Considering this, the accuracy and reliability of our classification is expected suffer if we include those
highly correlated variables. In order to understand the dimensionality and address this concern we did a
Principal Component Analysis (PCA).
Principal component analysis (PCA) is a statistical procedure that uses an orthogonal transformation to
convert a set of observation of possibly correlated variables into a set of values of linearly
uncorrelated variables called principal components. This transformation is defined in such a way that
the first principal component has the largest possible variance (that is, accounts for as much of the
variability in the data as possible), and each succeeding component in turn has the highest variance
possible under the constraint that it is orthogonal to the preceding components. The resulting vectors
are an uncorrelated orthogonal basis set.

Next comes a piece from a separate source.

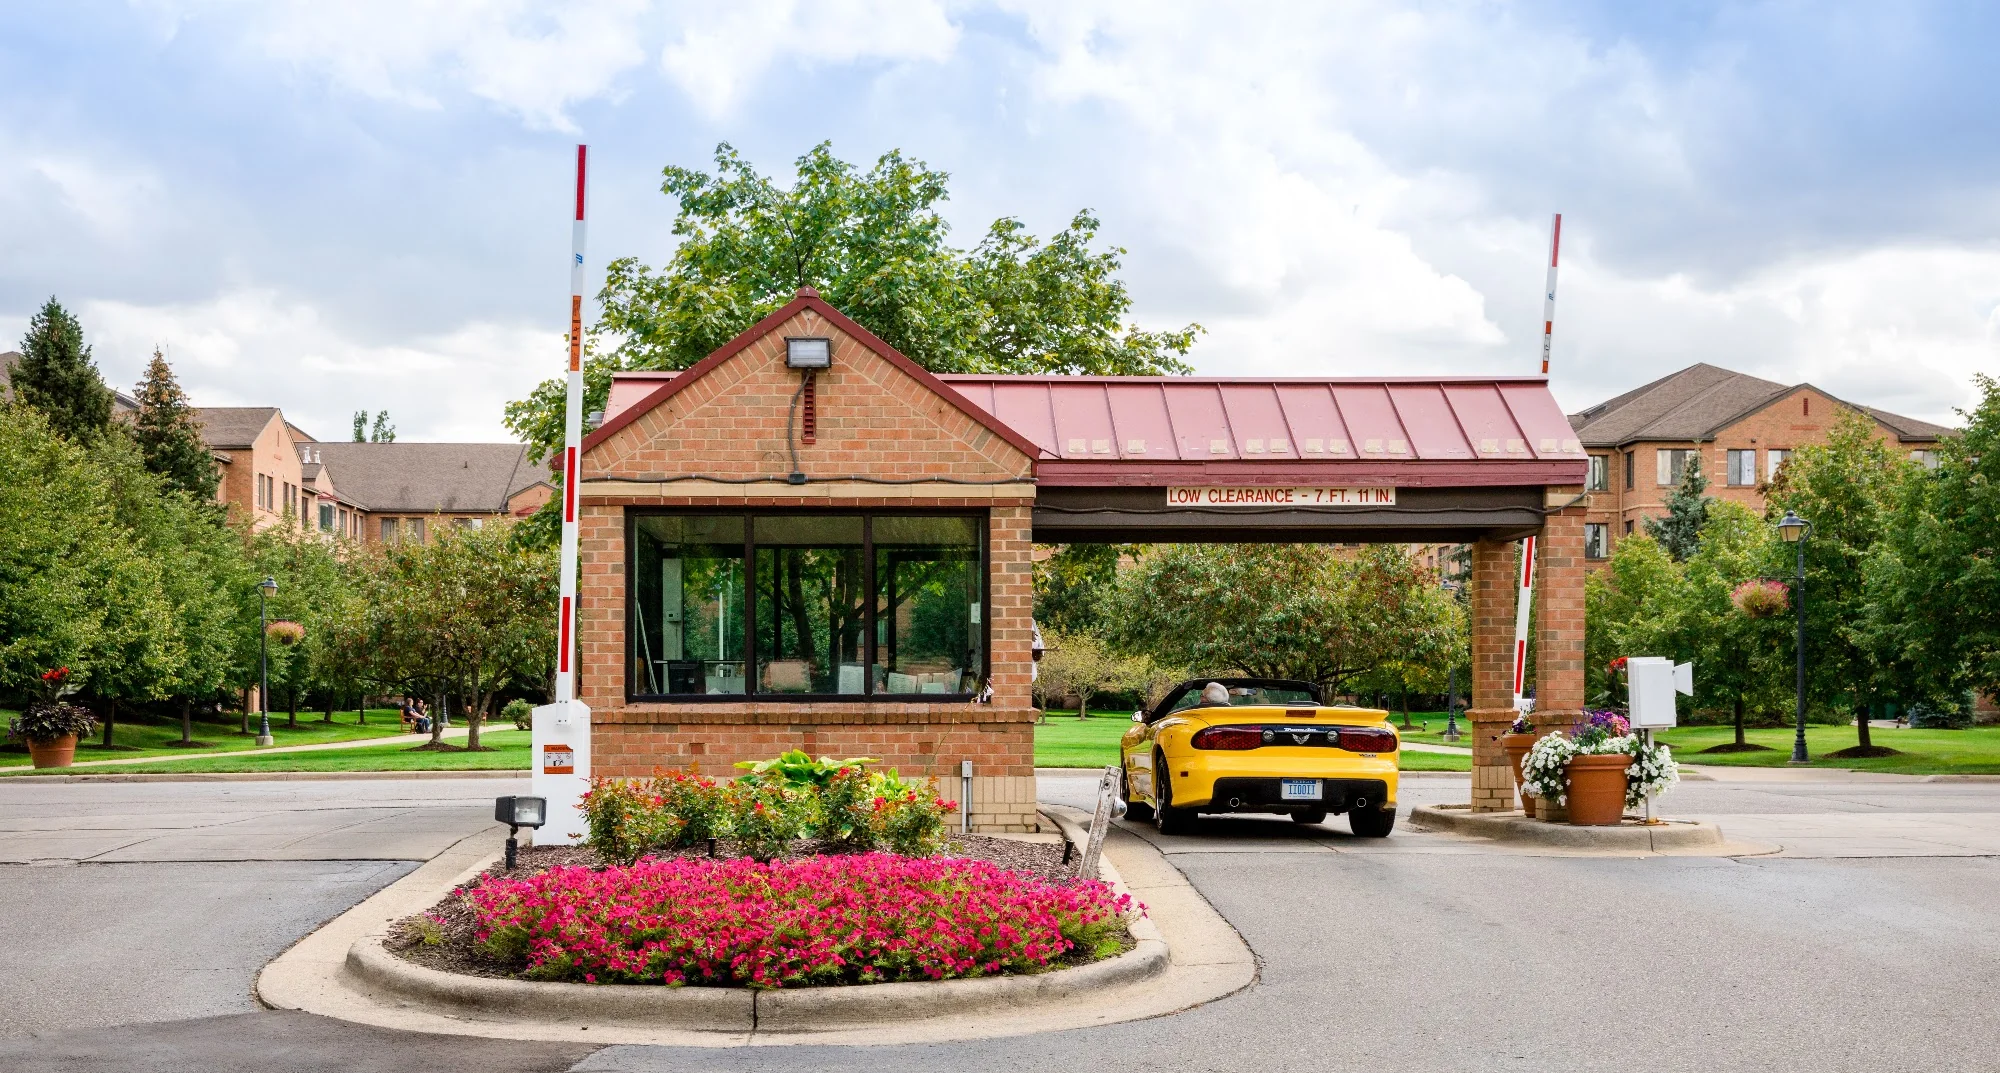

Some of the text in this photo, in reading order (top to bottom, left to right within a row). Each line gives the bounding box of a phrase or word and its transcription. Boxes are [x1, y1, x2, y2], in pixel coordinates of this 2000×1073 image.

In datamining, variance among the independent variables means those variables can ‘tell a great story’,
i.e. there is valuable information within those variables. A PCA outputs various metrics such as the SS
Loadings that identifies variance. It’s conventional that SS Loadings greater than 1 identifies the
significant PC’s. Our initial PCA analysis identified 10 PC’s with loading greater than 1; however,
further analysis using a scree plot identified only five significant PC’s. Looking at Table 1: Variance of
PC’s, we can see the SS Loadings (loadings >1) for the five PC’s that the scree pot identified.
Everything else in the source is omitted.